I love to go squirrel hunting and somedays I would pick it over deer. I've been hunting for 6yrs now and squirrel hunting gets me every time. As soon as season comes around I grab my dog and my 20 guage and I'm off. :sniper:


----------



## bobberboy (Aug 13, 2006)

i hunt rabbits with a 20ga and 22cal.


----------



## ruger223killer (Jan 3, 2007)

Even though it's illegal in the city i usually take my daisy 880 and over the years have killed countless squrrels and rabbits, because they are so stupid its like shooting fish in a barrel! :wink:


----------



## younghunter (Dec 17, 2006)

shout a rabbit 2 days ago with my peelet gun and my lil cocker spaniel runs them rite to me ever time rabbits outside froze to trash can when it gets unstuck im putting it in the live trap for bait hah ur cuzinpete died makesure u tell ur freind he'll sure to be depersied


----------



## spank (Feb 4, 2007)

I AM 11 AND I GO ALL THE TIME WITH MY DOG SPANKEY BUT IT ANIT FOR SQURILLS ITS FOR ***** SQURILLS RABBITS I CALL IT MEAT HUNTING


----------



## coyote_buster (Mar 11, 2007)

sqiurells are fun to shoot cuase they can be retarded, but they are hard to hit with open sight .22, rabbits are fun but you have to walk around alot, but they are still fun, last year i asked my dad if i could buy a 22-250 for yotes and he cussed me out, went out and killed about thirty rabbits that winter, this time when i asked him he sounded glad, just kill a whole lot of rabbits and squirells, make sure you never fire in the direction of buildings or around livestock and your dad will let you get one in a year or two


----------



## bobberboy (Aug 13, 2006)

will a 22.cal bring down a coyote?????? :sniper:


----------



## not2muchxperience (Dec 14, 2006)

oh god.....don't ask that, *everybody* asks that. use the search function. delete that post as soon as you find the answer. its a really controversial question and some people will go spastic over it


----------



## big_al_09 (Feb 26, 2007)

yeah, that would be a good idea being as there have been countless posts about that exact subject.


----------



## PennsylvaniaRebel (May 16, 2007)

HEY, IM NEW HERE, I SHOT A RABBIT WITH MY SLINGSHOT YESTERDAY, AND I WANT TO SKIN THE THING, DONT KNOW HOW....PLZ HELP!!!!!!


----------



## not2muchxperience (Dec 14, 2006)

....Have you refrigerated it?
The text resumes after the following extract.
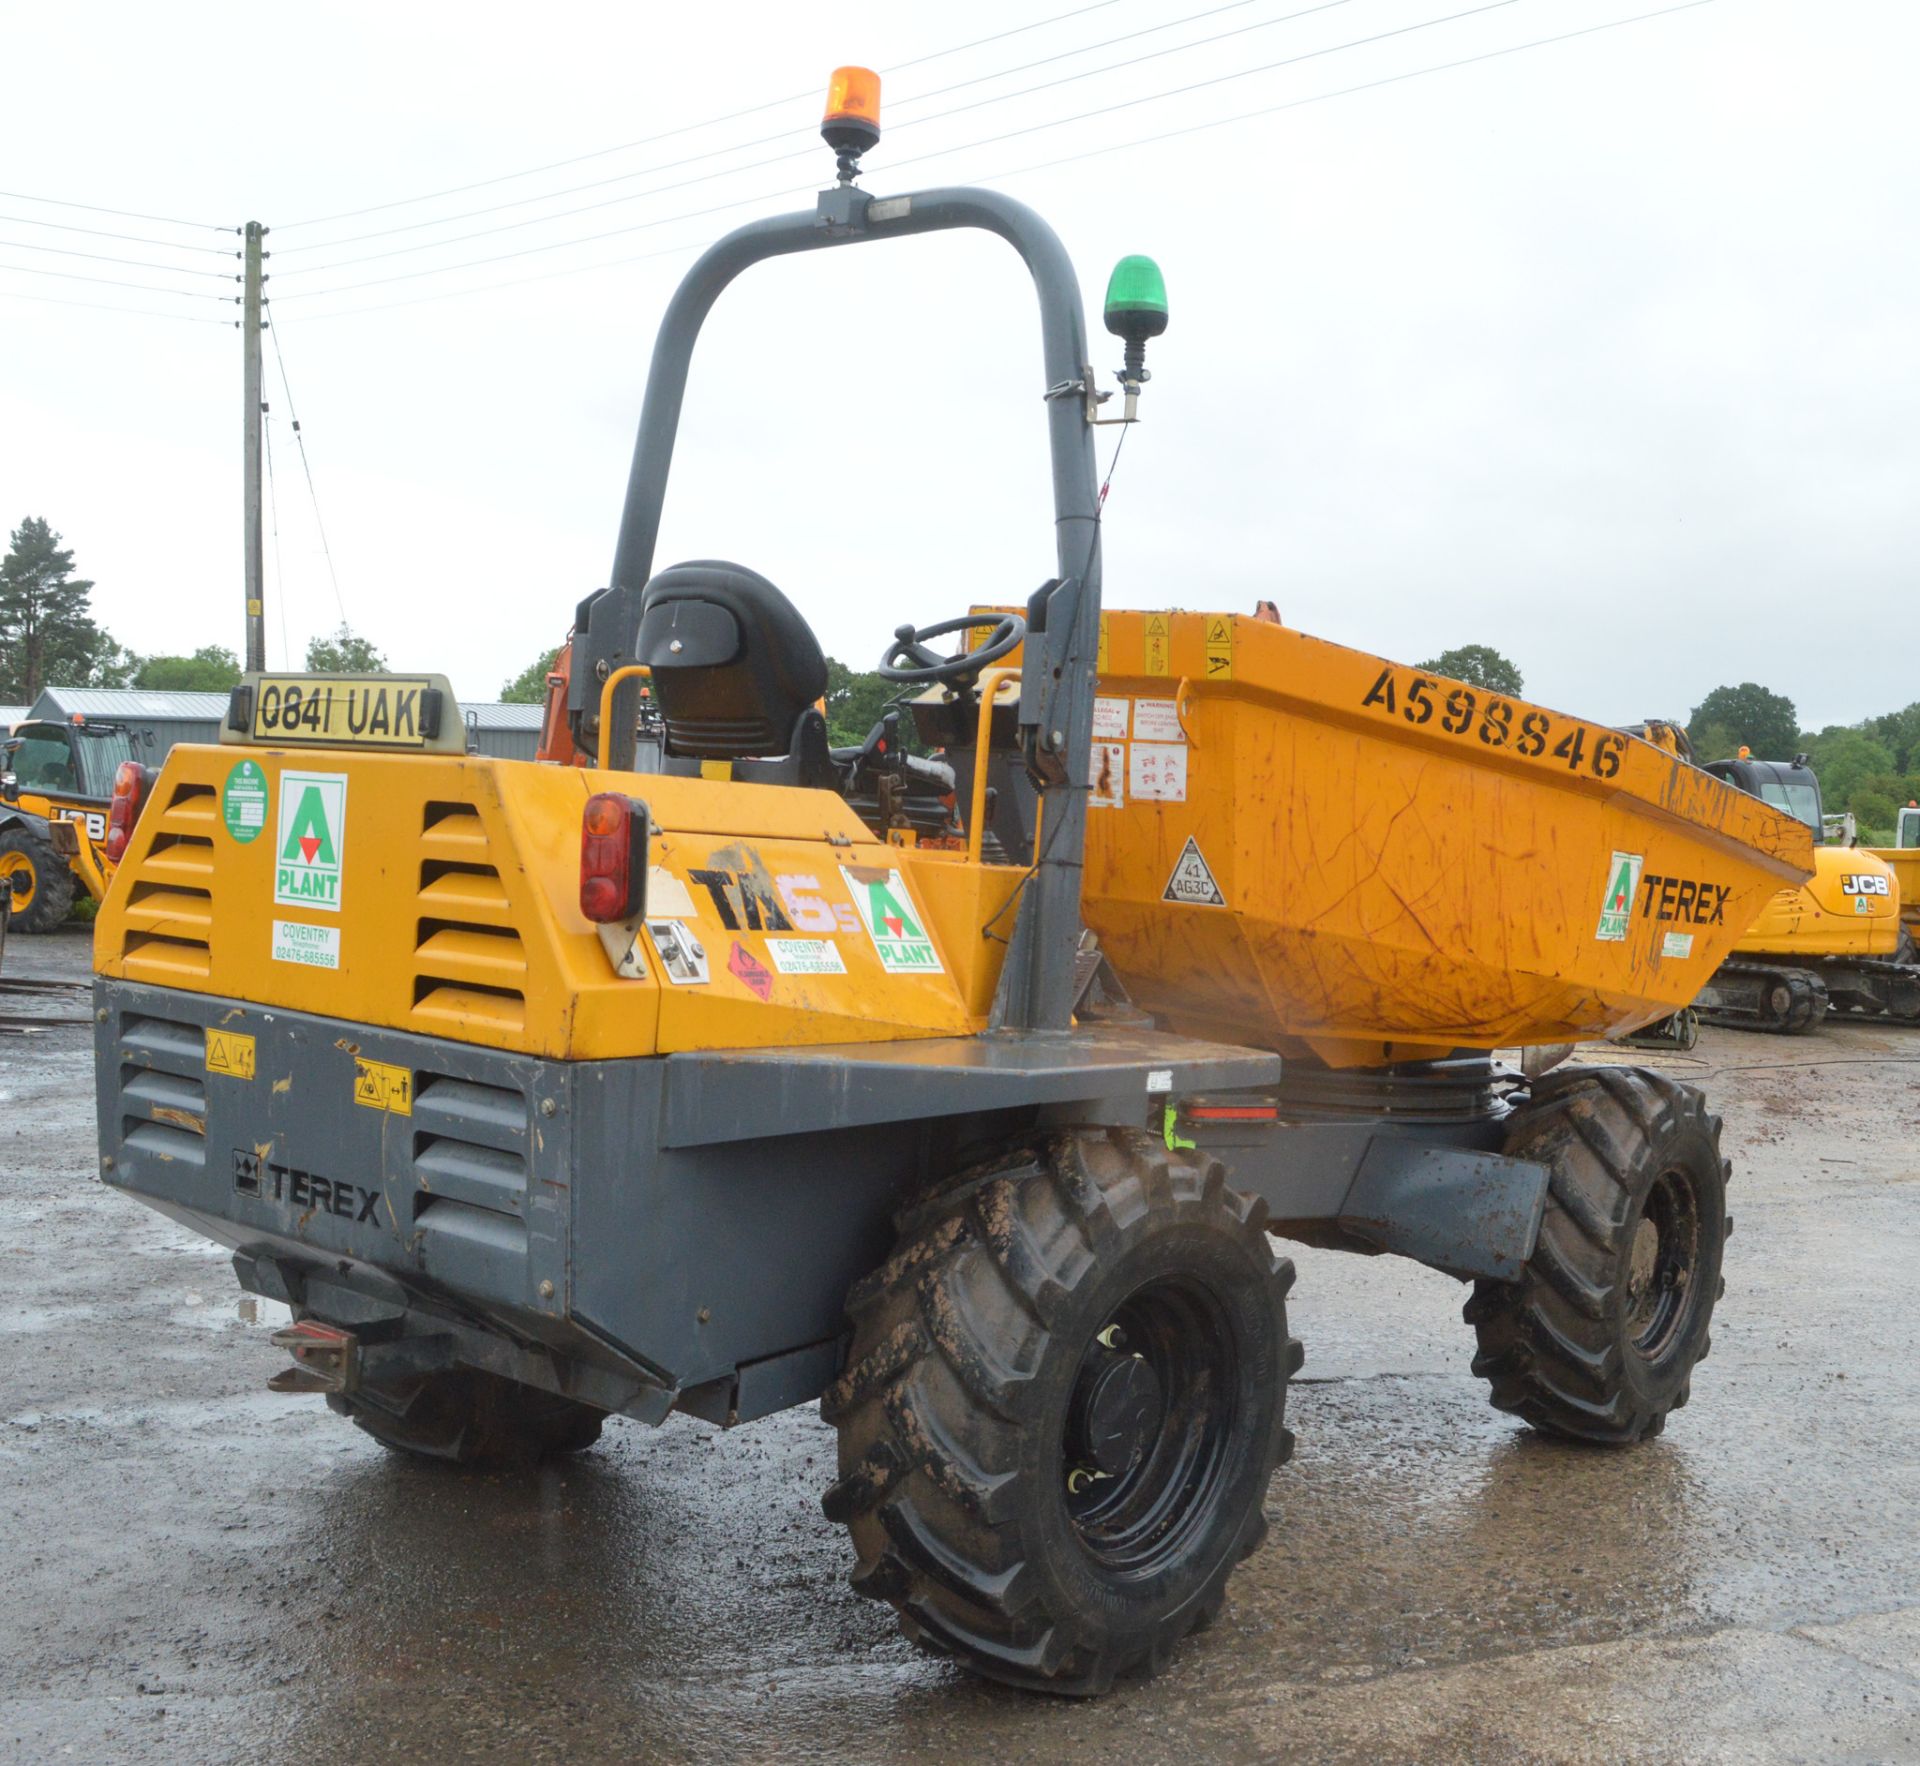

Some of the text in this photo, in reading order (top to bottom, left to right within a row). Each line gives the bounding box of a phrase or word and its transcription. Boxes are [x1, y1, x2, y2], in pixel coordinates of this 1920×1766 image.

Are you skinning it for fur or meat? We need to know more before we can give you a good answer.

And I'm just curious, how close were you when you shot it? That must have taken a decent rock to kill a rabbit.


----------



## gentleman4561 (Jul 16, 2007)

i have killed many rabbits and squirrels and love small game hunting :sniper: :sniper: :sniper: :sniper: :sniper: :sniper: :sniper: :sniper: :sniper: :sniper: :sniper:


----------



## coonboy256 (Sep 14, 2007)

does anyone else have suicide bunnys that run across drive ways trieing to get run over small game hunting is fun because you can use just about anything to hunt with :lol:


----------



## Bingshounds (Jul 24, 2007)

sniper_094 said:


> It seems like everyone hunts waterfowl here. I hunt rabbits and sqirrels alot. I'm only eleven and my dad says i'm not safe enough 4 a real gun :evil: But when i was ten i got 3 rabbits, and ive got 3 more rabbits now. Ive only got 1 squirrell. Do any of you hunt small game


 I have 2 beagles i hunt rabbits with


----------



## Steelpuck18 (Sep 16, 2008)

how do you clean rabbits and squirrels? just wondering because i dont really like shooting things just for fun. i like to get something out of it. :-?


----------



## Hunterdude (Feb 6, 2008)

Steelpuck18 said:


> how do you clean rabbits and squirrels? just wondering because i dont really like shooting things just for fun. i like to get something out of it. :-?


just search it :beer:


----------



## blowgunner62 (Nov 23, 2008)

Skinning a rabbit is pretty easy, but it can take a little time if you are unexperienced. First, cut just through the skin around the middle. Then, grasp the skin and peel it off like a pair of pants. Be careful not to cut into the guts. The good meat is found on the back legs and the spine, so you will have to gut it. Cut the membrane that protects the guts. Next, remove the guts and stomach by cutting them off were they connect to the carcase and the rear end. Discard the guts far away from your house. Cut off the meat on the back legs and spine. Thoroughly wash all of the hair off of the meat with cold water and dry with a paper towel.

Now its time to cook it. Get a large zip lock bag and put some flour and a little Lowery's seasoned salt. Put the meat in the bag and close it. Shake the bag to cover the meat with the mixture. Take the meat out of the bag and fry it in olive oil on low heat until it is thoroughly cooked. Enjoy!!!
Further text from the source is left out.